La situazione dunque è critica, perché finché gli istituzionali non inizieranno a investire in maniera corposa e sistematica nel private capital questo farà fatica a evolversi e a maturare come accaduto negli altri paesi europei (senza scomodare gli Stati Uniti).

Le ragioni di questa relazione platonica sono molteplici e benché siano note fra gli addetti ai lavori è bene ricordarne qualcuna, per mantenere alta l’attenzione su un problema serio che incide indirettamente anche sull’economia reale e quindi sulle imprese.

Un primo aspetto è sicuramente culturale. Avendo gli istituzionali investito sempre in asset class tradizionali, a partire da Bot e Btp, non hanno sviluppato internamente le competenze in grado di comprendere la complessità di questo tipo di investimento. C’è da dire anche che parliamo di un settore dalle dinamiche ancora particolarmente vetuste, nella gestione e nell’approccio ai cambiamenti del mondo. Inoltre, spesso i team dedicati all’investimento in alternativi sono piccoli, due o tre persone, che gestiscono risorse per miliardi di euro.

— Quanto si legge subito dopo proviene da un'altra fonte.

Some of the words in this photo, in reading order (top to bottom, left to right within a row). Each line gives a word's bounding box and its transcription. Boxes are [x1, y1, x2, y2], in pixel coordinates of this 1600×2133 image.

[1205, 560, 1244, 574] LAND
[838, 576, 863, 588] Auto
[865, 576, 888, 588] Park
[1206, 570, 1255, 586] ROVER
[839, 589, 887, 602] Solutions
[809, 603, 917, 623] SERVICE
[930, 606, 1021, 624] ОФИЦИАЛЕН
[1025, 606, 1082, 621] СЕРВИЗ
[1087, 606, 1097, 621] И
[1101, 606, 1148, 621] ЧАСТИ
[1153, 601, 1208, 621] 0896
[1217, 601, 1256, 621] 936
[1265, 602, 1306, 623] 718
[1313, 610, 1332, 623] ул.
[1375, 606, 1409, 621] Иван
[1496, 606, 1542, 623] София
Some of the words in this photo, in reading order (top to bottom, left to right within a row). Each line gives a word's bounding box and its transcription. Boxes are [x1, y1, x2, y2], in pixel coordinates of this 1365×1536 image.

Il che espone al rischio di incappare in logiche di investimento non propriamente di mercato ma più personalistiche.

La notizia positiva, come già accennato, è che uno sforzo in direzione di una maggiore apertura è stato fatto mentre dall’altro lato private equity e private debt non hanno forse portato avanti abbastanza iniziative per coinvolgere questi soggetti. Servirebbe avviare un lavoro comune per svolgere attività di education, inclusione e dibattito in modo da sciogliere tutti i dubbi che gli investitori possono avere, rendere chiari i ritorni e facilitare la relazione.

Un secondo motivo è l’assenza o quasi, totalmente priva di senso in un mercato maturo, di fondi di fondi privati che nascono proprio con la duplice finalità di mitigare il rischio ed eliminare il problema della dimensione dei private capital italiani, paradossalmente troppo piccoli per i ticket di investimento che gli istituzionali possono dare. Il risultato è che tutti vogliono il latte dalla mammella dei fondi di fondi pubblici – vedi quelli del Fondo italiano d’investimento. Il quale però, fra gli altri, raccoglie dagli stessi soggetti che investono poco o nulla negli operatori privati con evidente rischio cannibalizzazione delle risorse.

Un terzo, e ultimo per questo già lungo editoriale, è l’assenza di un efficace intervento pubblico. Il governo, con il ministero dell’Economia, dovrebbe seguire l’esempio della Francia e andarci giù pesante da un lato imponendo una quota minima di investimento in queste asset class e dall’altro inserendo sgravi fiscali il più possibile vantaggiosi. I benefici di una simile attività sono evidenti, sia per le imprese che così avrebbero più soggetti da scegliere come possibili partner in un percorso di crescita, sia per l’industria del private capital in sé che potrebbe svilupparsi fino a raggiungere i livelli degli altri paesi europei.